Project: Transit of Venus
Hinemoana Baker - The fifteen paces between my socks and my shoes
Hinemoana Baker - The fifteen paces between my socks and my shoes
1.
The hotel room is a yawning
cavern and I have forgotten my
carabiners. The bed’s made
tight, the linen’s cool, the overblanket
smells of soap and someone’s
breath. You’re in Ruapehu Street
between the ill-fitting
fitted winter sheets now bald
of any fleece. Yellow makes you scratch.
A planet is getting ready for its big moment.
2.
These two boys have to jump a little
to see into this telescope.
You can’t look directly at it, man.
Ka wreck koe i tō eyesight.
The transiteers, the singing politicians,
the old light of the new
nation. All of us stroll
along the revamped wharf
pitching our wishes
at the glinting Pacific.
And she’s there too,
the one they call Holden Torana
or Skinny Banana, Madame Iguana.
She’ll be long dead when they bring up the time
capsule. She’ll leave her responsiblities
purring in their red
blankets. We will monitor
the spectrum of scattered
sunlight on her surface.
She will say, in her way:
parachutes are heritage seeds
parachutes are significant star systems
parachutes are priestesses dancing and dying
3.
I wasn’t here for Nukutaimemeha
therefore this is not the real globe.
The girl with the grass-green ring
was not here for Horouta and neither was
the Ginger Bee, nor the sailor singing his insistent songs
of icebirds and liquor. All things move South
when they become cold. All things move North
when they become cold. All things make sails
from the liquid ocean, from their lala language.
4.
In eight minutes your light
will reach me, hangi smoke in my mouth.
The light which fell on my newborn body is still alive.

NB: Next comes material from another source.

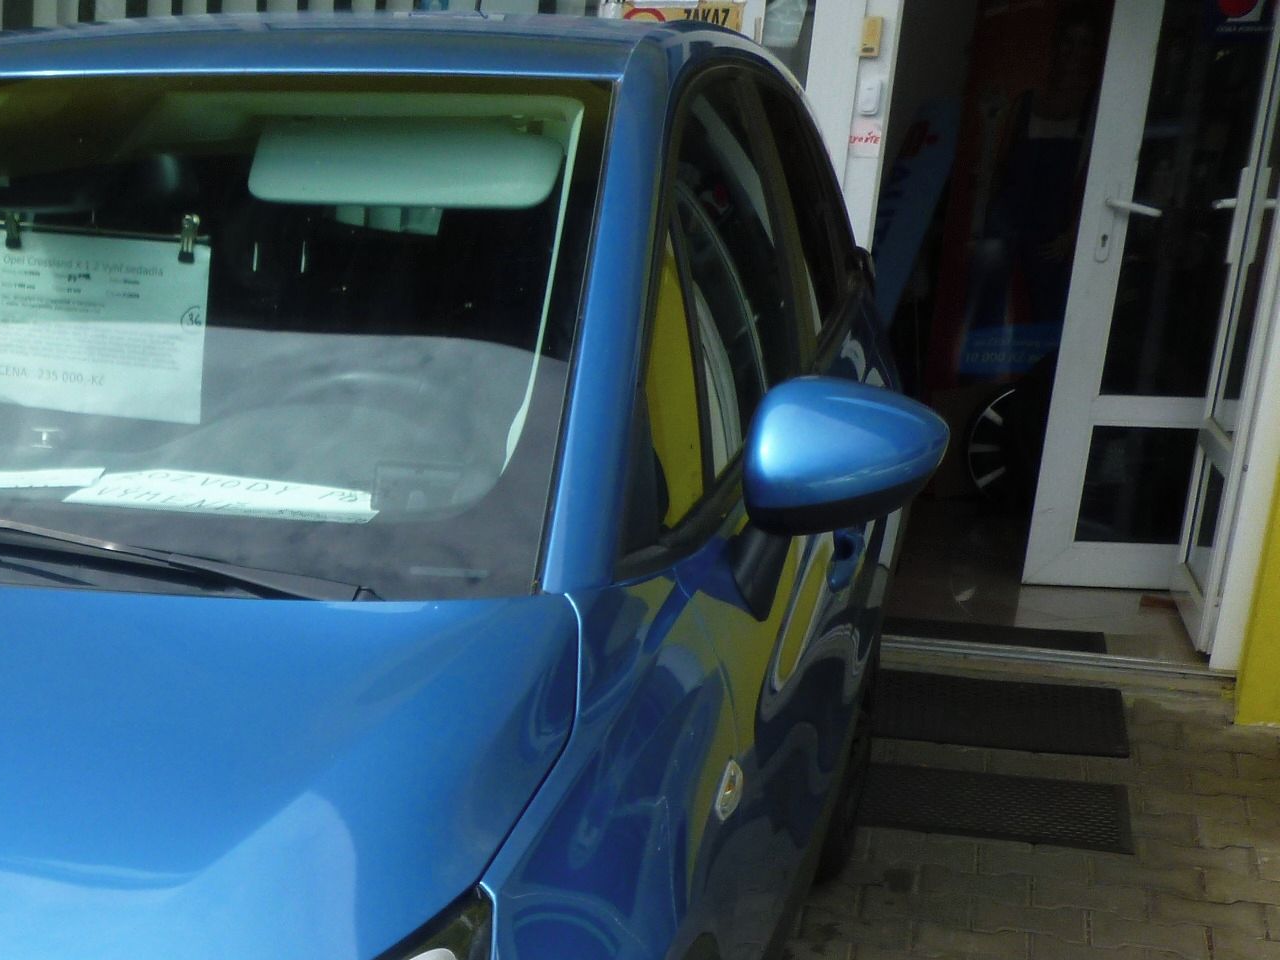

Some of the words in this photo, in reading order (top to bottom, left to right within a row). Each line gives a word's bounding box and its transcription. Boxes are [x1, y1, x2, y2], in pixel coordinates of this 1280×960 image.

[3, 255, 25, 267] Opel
[27, 256, 72, 269] Crossland
[37, 367, 58, 381] 235

I plant a tree at the mouth of the Uawa river
in your name my crawling, bawling space station.
It is imperative I be as far away from you as possible.
You rise from the yellow bed, black and cold
and travel four hours
every cent of you making war
the telescopes of the world trained upon you.
_____________
Notes by the poet:
The following phrases/words reference and/or quote poems by the three German poets who partnered with us in the Transit of Venue project:
- every cent of you making war, (originally 'every cent of them / making war'), space station and Ginger Bee – Brigitte Oleschinski, tr. Andrew Shields, from 'Geisterströmung', Gedichte mit CD, DuMont, 2004
- grass-green ring – Ulrike Almut-Sandig, tr. Bradley Schmidt, from 'Thicket' (original title: 'Dickicht', Schoffling & Co., 2011)
- insistent songs and icebirds – Uwe Kolbe, Sailor's All', from 'Sailor's Home' (poems of love and drunkenness), tr. Mick Standen and Jo Tudor, from 'Sailor's Home' (anthology), Yang Lian (ed.), Shearsman Books Ltd, 2007
- the word transiteers was used by Toby Manhire in a blog written for the NZ Listener about the Transit of Venus event.
- The newborn body/light phrase in section 4, verse 1, is from a podcast I listen to called ‘The Mental Illness Happy Hour’. A listener called Anne wrote in from Berlin about her atheism, and how her wonder at the natural world, physics and biology is no less intense simply because she doesn’t believe in a deity of any kind.